Run distributed training with parameter servers:

start parameter servers:

PADDLE_TRAINING_ROLE=PSERVER PADDLE_PSERVER_PORT=7164 PADDLE_PSERVER_IPS=127.0.0.1 PADDLE_TRAINERS=1 PADDLE_CURRENT_IP=127.0.0.1 PADDLE_TRAINER_ID=0 python fluid_benchmark.py --model mnist --parallel 0 --device GPU --update_method pserver

start trainers:

PADDLE_TRAINING_ROLE=PSERVER PADDLE_PSERVER_PORT=7164 PADDLE_PSERVER_IPS=127.0.0.1 PADDLE_TRAINERS=1 PADDLE_CURRENT_IP=127.0.0.1 PADDLE_TRAINER_ID=0 python fluid_benchmark.py --model mnist --parallel 0 --device GPU --update_method pserver

Run distributed training using NCCL2

PADDLE_PSERVER_PORT=7164 PADDLE_TRAINER_IPS=192.168.0.2,192.168.0.3  PADDLE_CURRENT_IP=127.0.0.1 PADDLE_TRAINER_ID=0 python fluid_benchmark.py --model mnist --parallel 0 --device GPU --update_method nccl2

Run Distributed Benchmark on Kubernetes Cluster

We provide a script kube_gen_job.py to generate Kubernetes yaml files to submit distributed benchmark jobs to your cluster.
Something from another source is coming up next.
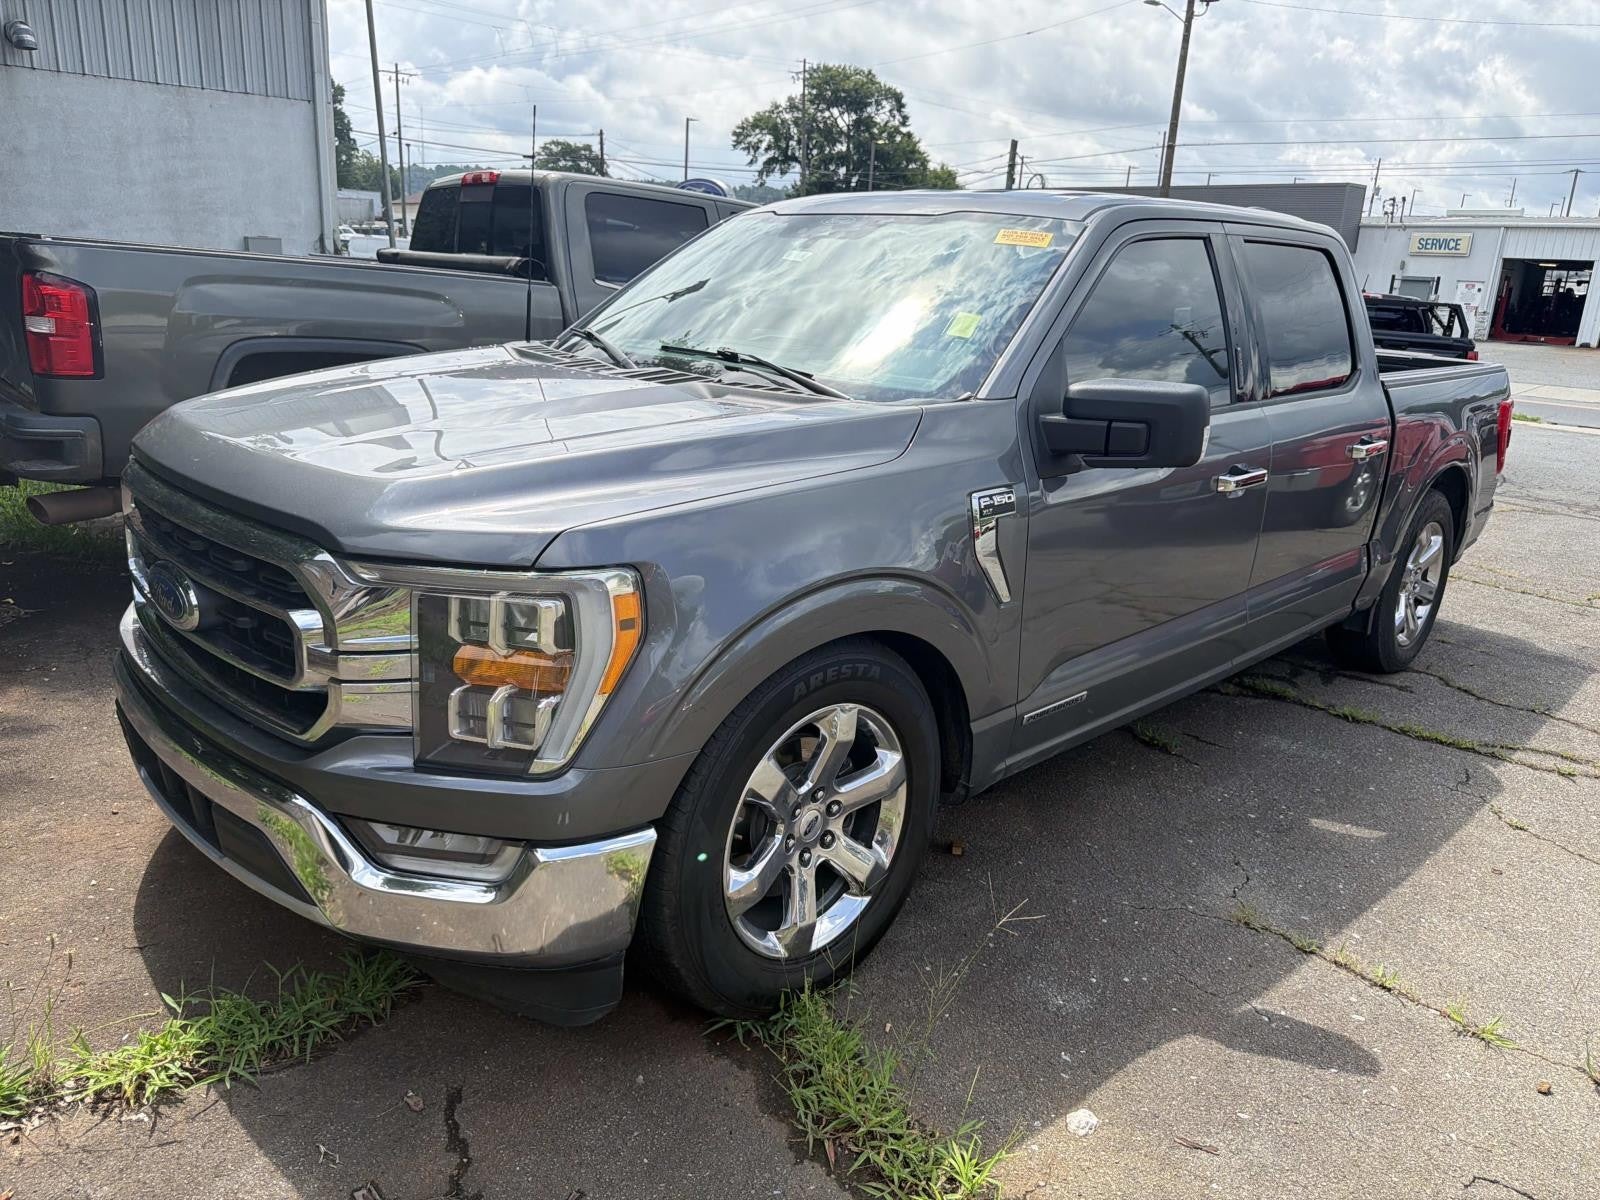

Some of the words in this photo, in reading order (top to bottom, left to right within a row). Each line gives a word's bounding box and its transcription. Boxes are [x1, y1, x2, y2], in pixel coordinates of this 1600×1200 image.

[1417, 237, 1462, 251] SERVICE
[980, 493, 1014, 508] F-150
[793, 663, 881, 703] ARESTA
To generate a job yaml, just run:

python kube_gen_job.py --jobname myjob --pscpu 4 --cpu 8 --gpu 8 --psmemory 20 --memory 40 --pservers 4 --trainers 4 --entry "python fluid_benchmark.py --model mnist --parallel 1 --device GPU --update_method pserver --with_test" --disttype pserver

Then the yaml files are generated under directory myjob, you can run:

kubectl create -f myjob/

The job shall start.